Les données sur les appels de service n'incluent pas ce que la police appelle souvent le temps "non attribué" - les heures que les policiers passent entre les appels à patrouiller dans les quartiers, à prendre une pause repas ou à remplir des documents. Des études d'observation des agents de patrouille ont révélé que de 46 à 81 % de leur temps est consacré à des activités non assignées. Cela signifie que le pourcentage total de temps passé par la police à répondre à un crime pourrait bien êtrebien moins que ne l'indiquent même les données d'appel (la principale exception étant les membres d'unités spécialisées dans les principaux départements comme les homicides et le SWAT dont les activités ne sont pas capturées par des études d'observation).

De nombreuses études universitaires confirment ces modèles de base dans les données. Ils constatent que les patrouilleurs - même dans les communautés suburbaines et rurales pour lesquelles les données publiques font souvent défaut - passent la grande majorité de leur temps à rédiger des rapports, à conduire dans les quartiers et à répondre aux appels non criminels.

"Le travail, c'est 99 % d'ennui et 1 % de pure panique », explique Matthew Bostrom, criminologue à l'Université d'Oxford qui a passé plus de 30 ans en tant qu'officier de police, commandant et shérif à St. Paul, Minnesota. « La plupart de ce que vous faites est assez routinier.

Dans son récent article "Disaggregating the Policing Function", Barry Friedman, directeur du Policing Project à la faculté de droit de l'Université de New York, décompose cet éventail vertigineux de tâches et de responsabilités en une poignée de rôles distincts :

Le temps qu'un agent donné consacre à chacun de ces rôles varie considérablement. Dans les grandes villes, le travail de la police a tendance à impliquer de nombreux problèmes de toxicomanie, de maladie mentale et d'itinérance. Dans les zones suburbaines, les conflits domestiques et interpersonnels occupent une plus grande partie du temps de la police. Dans les collectivités rurales, la police s'occupe d'un grand nombre de tâches uniques et ponctuelles.

Ce qui reste vrai dans chacun de ces cas, c'est que les policiers ne sont pas principalement des combattants du crime et des forces de l'ordre ; au lieu de cela, ils remplissent une vaste gamme d'autres fonctions sociales, souvent celles auxquelles d'autres services sociaux et institutions n'ont pas la capacité de répondre rapidement ou pas du tout.
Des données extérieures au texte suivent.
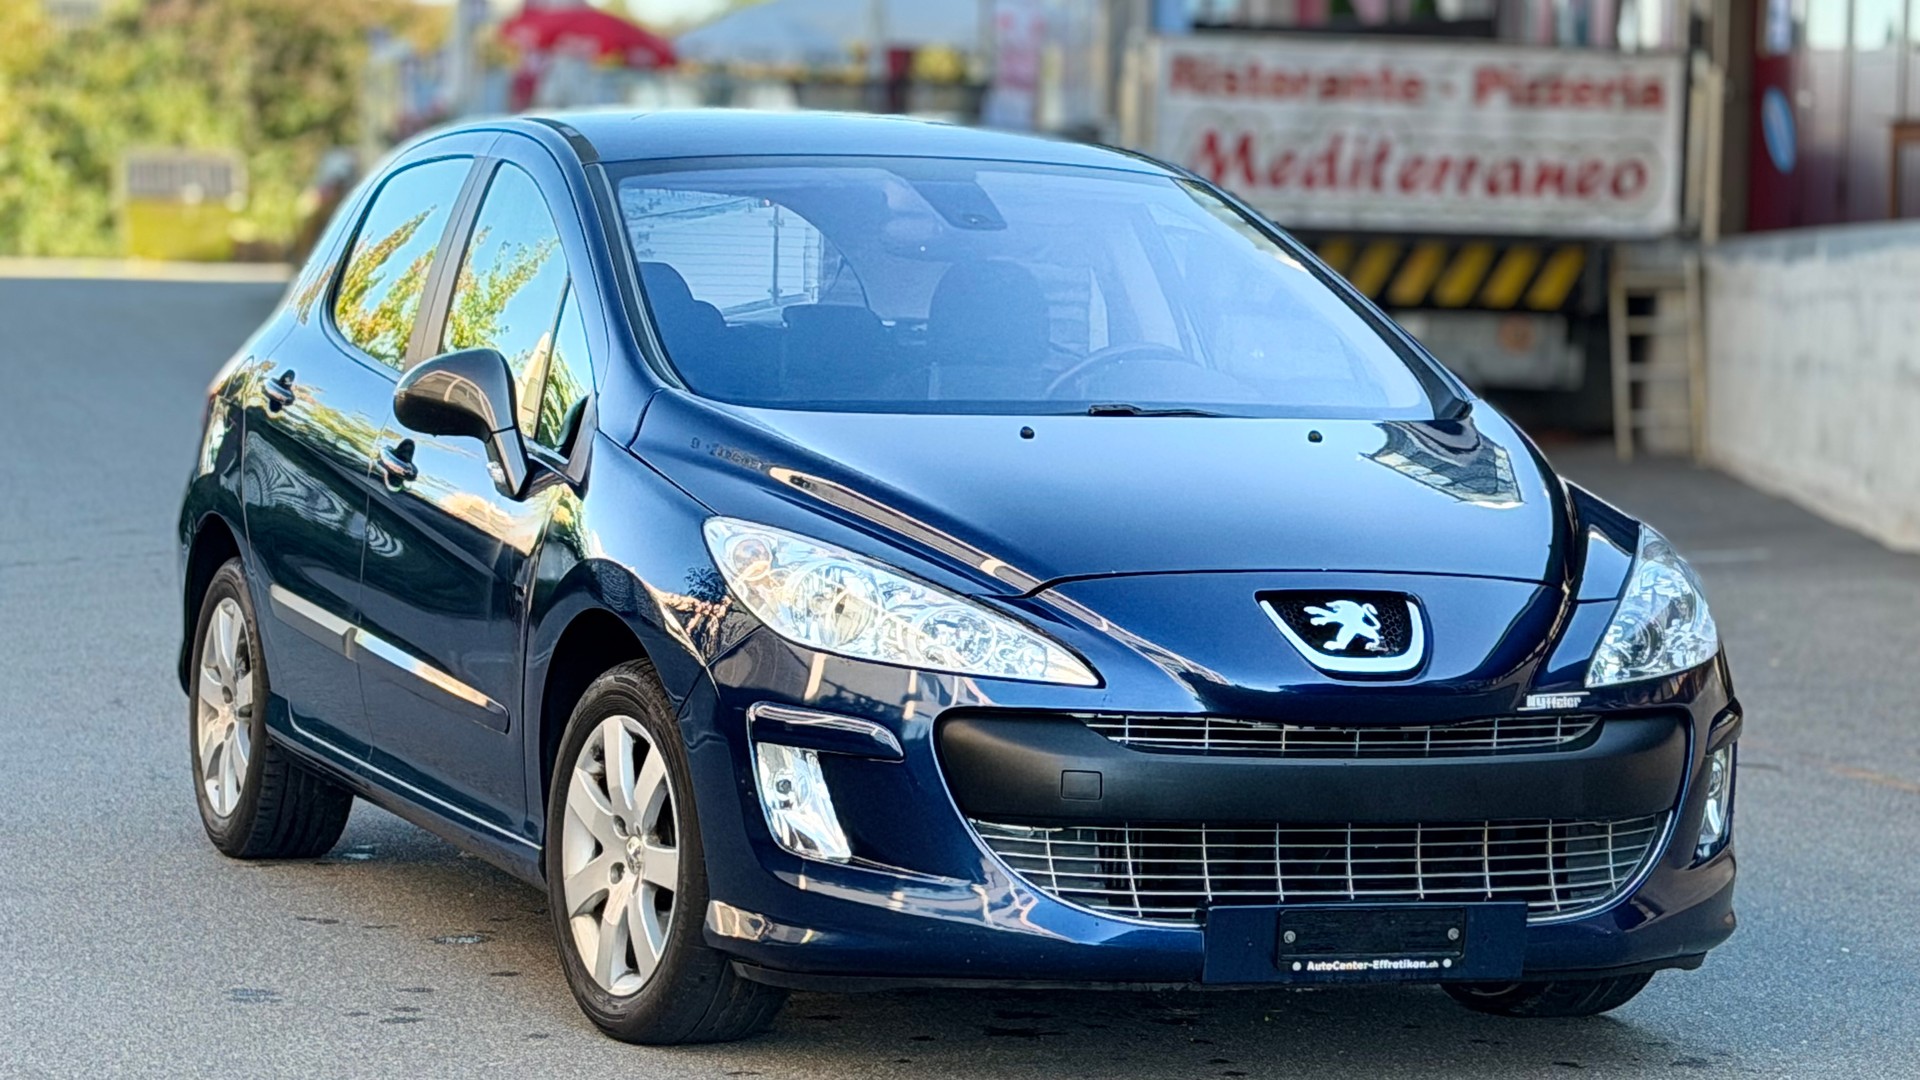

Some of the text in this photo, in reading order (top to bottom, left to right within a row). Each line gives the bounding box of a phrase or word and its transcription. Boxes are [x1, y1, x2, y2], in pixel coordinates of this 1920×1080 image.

"En tant que société, nous avons décidé de balayer ces problèmes plutôt que de nous en occuper", me dit Friedman. "Et la police est le balai. Ils ne veulent pas être le balai, mais c'est exactement ce qu'ils sont."
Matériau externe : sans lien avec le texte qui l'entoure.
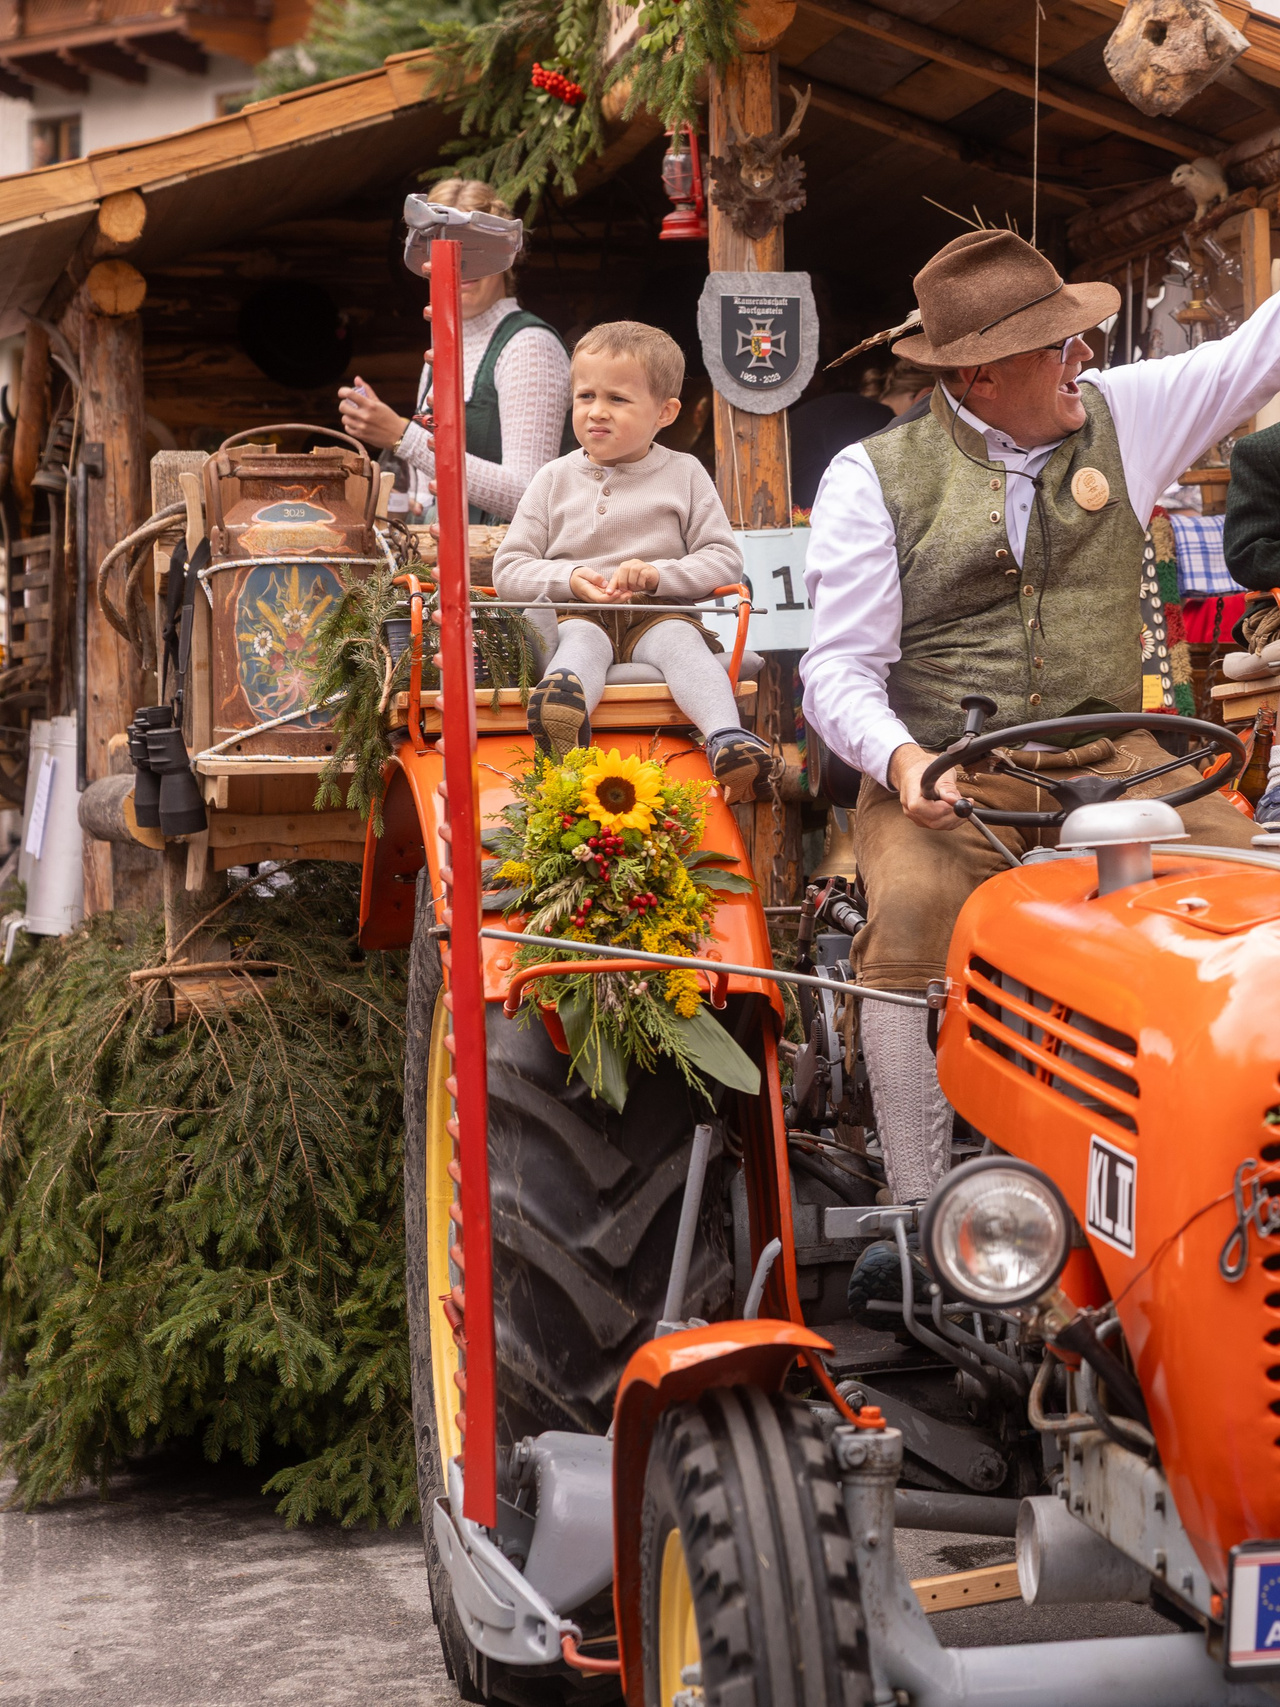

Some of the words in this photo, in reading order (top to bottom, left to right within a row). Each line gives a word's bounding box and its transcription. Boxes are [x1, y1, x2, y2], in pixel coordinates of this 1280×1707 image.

[733, 296, 789, 307] Kameradschaft
[738, 306, 784, 316] Dorfgastein
[740, 371, 758, 383] 1923
[762, 372, 782, 384] 2023
Tout cela s'ajoute à un problème fondamental du maintien de l'ordre en Amérique : nous préparons la police à un rôle très différent de celui qu'elle joue réellement dans la société.
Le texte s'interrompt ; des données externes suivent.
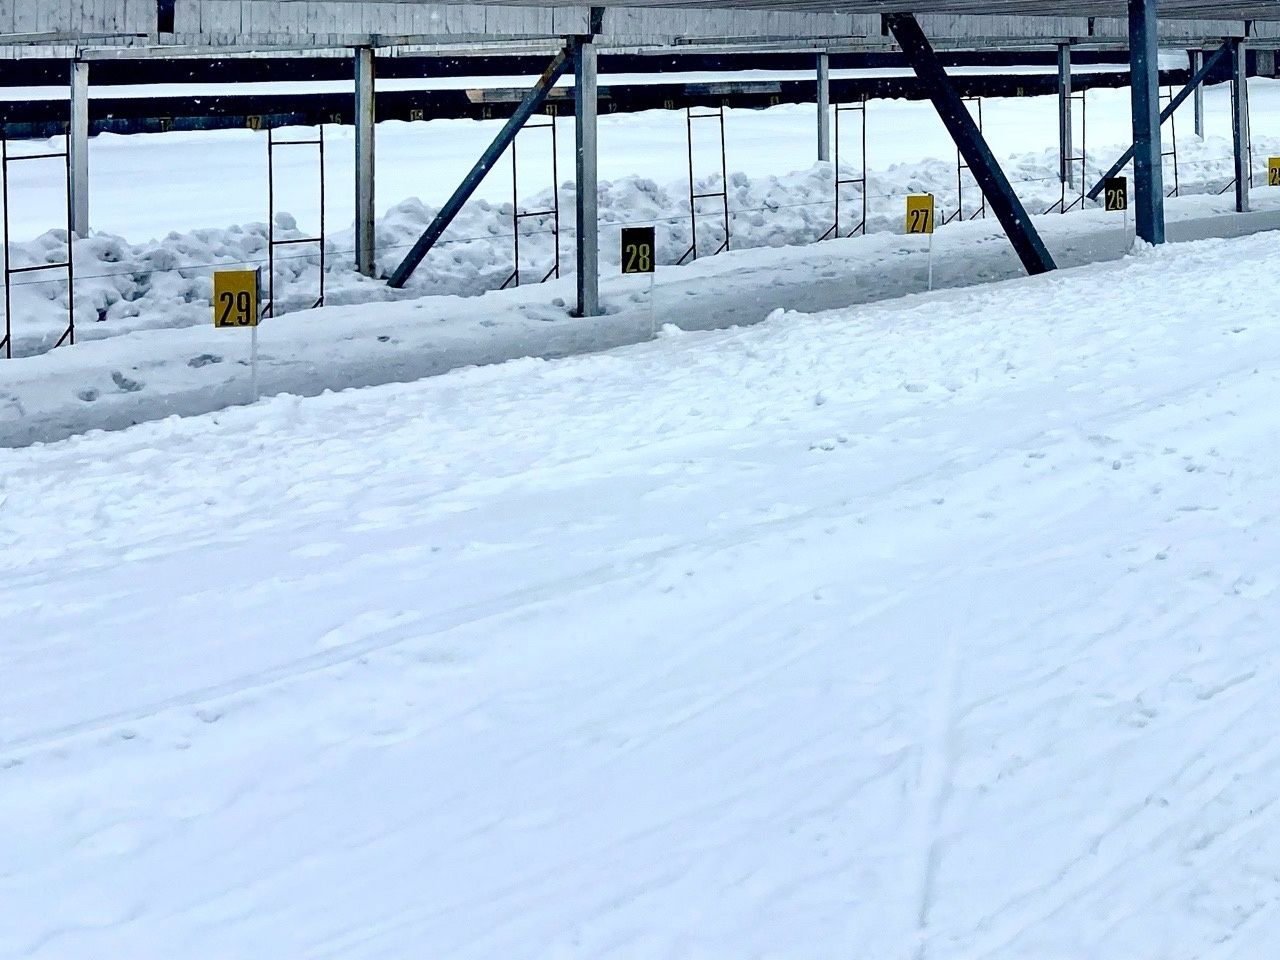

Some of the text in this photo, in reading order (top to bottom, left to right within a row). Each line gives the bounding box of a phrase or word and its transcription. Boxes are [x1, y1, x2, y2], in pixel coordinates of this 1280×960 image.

[1108, 189, 1124, 210] 26
[910, 209, 929, 233] 27
[626, 243, 650, 273] 28
[219, 290, 251, 327] 29
Une étude nationale de 2016 sur la formation de 135 000 recrues dans 664 académies de police locales a révélé qu'en moyenne, les agents avaient chacun reçu 168 heures de formation sur les compétences en matière d'armes à feu, d'autodéfense et d'utilisation de la force sur un total de 840 heures. 42 heures supplémentaires ont été consacrées aux enquêtes criminelles, 38 à la conduite d'un véhicule d'urgence, 86 à l'éducation juridique visant principalement la loi sur la modification de la force et des centaines d'autres aux opérations de base et à l'amélioration de soi. Des sujets tels que la violence domestique (13 heures), la maladie mentale (10 heures) et la médiation et la gestion des conflits (9 heures) ont reçu une fraction du temps des stagiaires. D'autres, comme l'itinérance et la toxicomanie, étaient si rares qu'ils n'ont pas fait partie de l'ensemble de données.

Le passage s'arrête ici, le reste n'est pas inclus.